## Exercise directions
Reproduce the entries verbatim; no pictures.

## Data extracts

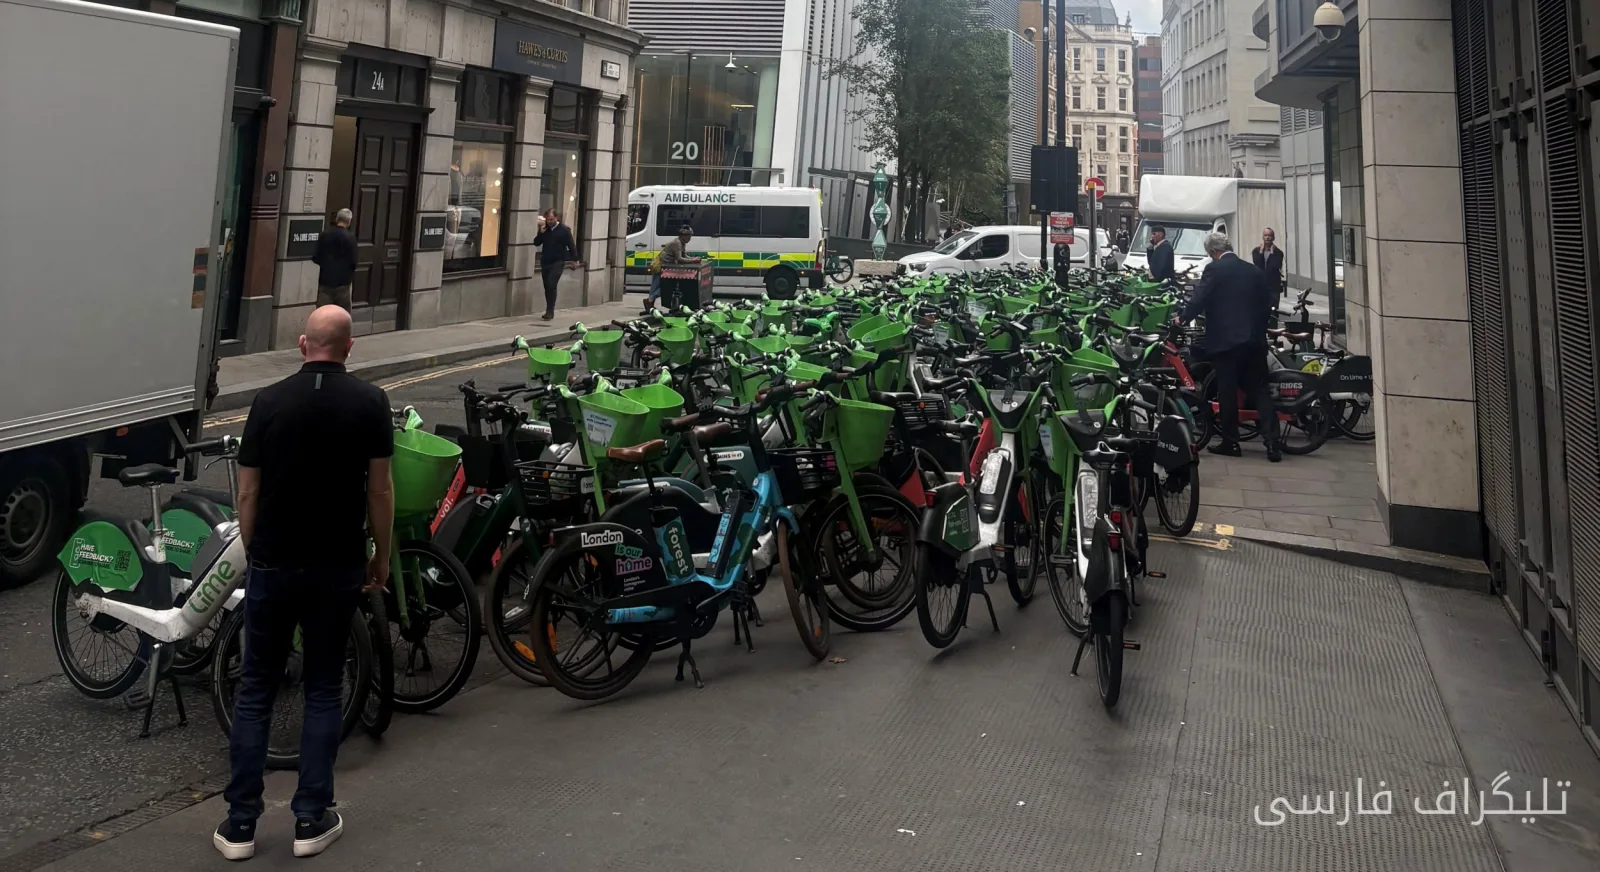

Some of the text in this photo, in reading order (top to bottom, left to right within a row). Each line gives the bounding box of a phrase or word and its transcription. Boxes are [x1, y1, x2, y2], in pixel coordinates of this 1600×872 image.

[518, 40, 542, 57] HAWES
[546, 47, 569, 63] CURTIS
[371, 71, 385, 91] 24A
[671, 141, 699, 160] 20
[269, 173, 276, 182] 24
[664, 193, 737, 203] AMBULANCE
[1280, 382, 1304, 390] RIDES
[162, 530, 175, 538] AVE
[582, 530, 624, 547] London
[80, 544, 96, 552] HAVE
[615, 543, 643, 558] is our
[669, 526, 689, 575] forest
[79, 551, 114, 563] FEEDBACK?
[616, 557, 653, 575] home

## Solved problem
Some of the text in this photo, in reading order (top to bottom, left to right within a row). Each line gives the bounding box of a phrase or word and its transcription. Boxes are [x1, y1, x2, y2], in pixel coordinates of this 1600×872 image.

[518, 40, 542, 57] HAWES
[546, 47, 569, 63] CURTIS
[371, 71, 385, 91] 24A
[671, 141, 699, 160] 20
[269, 173, 276, 182] 24
[664, 193, 737, 203] AMBULANCE
[1280, 382, 1304, 390] RIDES
[162, 530, 175, 538] AVE
[582, 530, 624, 547] London
[80, 544, 96, 552] HAVE
[615, 543, 643, 558] is our
[669, 526, 689, 575] forest
[79, 551, 114, 563] FEEDBACK?
[616, 557, 653, 575] home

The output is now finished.